Oct. 4 (Bloomberg) -- Federal Reserve Bank of Minneapolis President Narayana Kocherlakota said the Fed’s $85 billion in monthly bond purchases help buffer the U.S. economy against the partial shutdown of government, and growth hasn’t been “good enough” to warrant a pullback in record stimulus.
“It’s hard to justify reducing the pace of purchases” if the Fed truly were committed to doing everything it can to support the jobs recovery, Kocherlakota said today in an interview in Minneapolis. “Our accommodative policy is a useful buffer against these kinds of fiscal disturbances,” while “they can’t offset it completely,” said Kocherlakota, a backer of bond buying by the Fed who votes on policy next year.
The Federal Open Market Committee last month unexpectedly refrained from tapering monthly asset purchases, citing fiscal policy as a risk to economic growth. Kocherlakota, who will vote on monetary policy in 2014, has become one of the Fed’s most vocal proponents for record easing during the past year.

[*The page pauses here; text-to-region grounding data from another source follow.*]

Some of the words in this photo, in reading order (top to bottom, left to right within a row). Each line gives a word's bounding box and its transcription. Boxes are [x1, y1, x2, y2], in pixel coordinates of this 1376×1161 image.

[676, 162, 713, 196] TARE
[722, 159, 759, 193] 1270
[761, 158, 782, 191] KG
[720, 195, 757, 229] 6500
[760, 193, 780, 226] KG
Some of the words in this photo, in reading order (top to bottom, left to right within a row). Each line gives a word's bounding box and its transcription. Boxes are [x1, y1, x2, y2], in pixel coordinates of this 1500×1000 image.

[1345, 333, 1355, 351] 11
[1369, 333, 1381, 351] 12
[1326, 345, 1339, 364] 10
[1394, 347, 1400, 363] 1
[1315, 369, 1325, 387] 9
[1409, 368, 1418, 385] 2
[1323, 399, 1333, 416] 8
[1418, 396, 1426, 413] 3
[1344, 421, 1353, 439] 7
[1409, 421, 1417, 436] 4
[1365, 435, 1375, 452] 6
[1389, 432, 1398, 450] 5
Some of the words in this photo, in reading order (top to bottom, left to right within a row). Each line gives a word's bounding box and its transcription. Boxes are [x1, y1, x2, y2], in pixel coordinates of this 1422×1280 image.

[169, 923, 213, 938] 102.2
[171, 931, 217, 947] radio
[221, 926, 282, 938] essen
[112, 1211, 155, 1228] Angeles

“Discussing the possibility of reducing purchases because we’re satisfied with the degree of improvement in the labor market,” as the Fed has done since the spring, contradicts a commitment to do everything to reduce unemployment, Kocherlakota, 49, said at the Minneapolis Fed.
“People don’t think of us as being willing to do whatever it takes to meet our long-term goals,” he said, adding a credible pledge to do “whatever it takes” would by itself be “hugely accommodative.”
“Markets would then be anticipating that we would be buying a much larger stock of assets than what they currently anticipate,” he said. “And they would expect the Fed to be keeping rates low for longer.”
The Fed should also reinforce its commitment to reducing unemployment with other policy actions, including a reduction in the interest the central bank pays on excess reserves, he said.
The central bank may want to press on with bond buying even after the economy reaches what it considers full employment, “as long as it remains an effective tool,” he said. “There is a limit out there where the asset purchase program is no longer effective. We’re not there yet.”
U.S. stocks rose today as optimism grew that lawmakers would reach a deal to end America’s budget standoff. The Standard & Poor’s 500 Index increased 0.7 percent to 1,690.34 at 3:21 p.m. in New York.
Atlanta Fed President Dennis Lockhart said yesterday the central bank’s decision last month not to pare the pace of its bond buying was “wise” given the partial government shutdown that ensued. Richmond Fed President Jeffrey Lacker, who has opposed additional stimulus, said the government suspension won’t have an impact on economic growth for long, and doesn’t alter his view on the need for bond buying.
“The direct effect of the government shutdown is likely to be transitory,” Lacker, who doesn’t vote on policy this year, said to reporters today after a speech in Baltimore. “Whatever it takes out of fourth-quarter growth, there will probably be a matching” increase in first-quarter expansion.
The government closing will probably have only a limited impact on the economy if it remains brief, Kocherlakota said.
A longer suspension of government operations -- possibly three to four weeks -- along with any growing concerns the U.S. may not raise its debt ceiling to avoid default, may prove “problematic” for businesses and households, he said.
A week-long partial shutdown would probably shave 0.1 percentage point from economic growth, according to 40 economists in a Bloomberg survey this week. The world’s largest economy expanded at a 2.5 percent rate in the second quarter.
Kocherlakota, in a speech today in Bloomington, Minnesota, repeated his call for a stronger FOMC commitment to growth. The remarks were similar those he made in Houghton, Michigan, on Sept. 26.
U.S. growth next year may “accelerate somewhat” to a 2.5 percent to 3 percent rate, and that’s still not “good enough” to reduce unemployment quickly enough, Kocherlakota said in the interview.
“It’s going to take longer” than the middle of 2015 “to get unemployment down to the kind of levels where we should be thinking about raising rates” if the economy unfolds as he’s currently expecting, the district bank chief said.
At the end of 2016, the federal funds rate should still be lower than 2 percent, the median forecast given by policy makers in September, Kocherlakota said.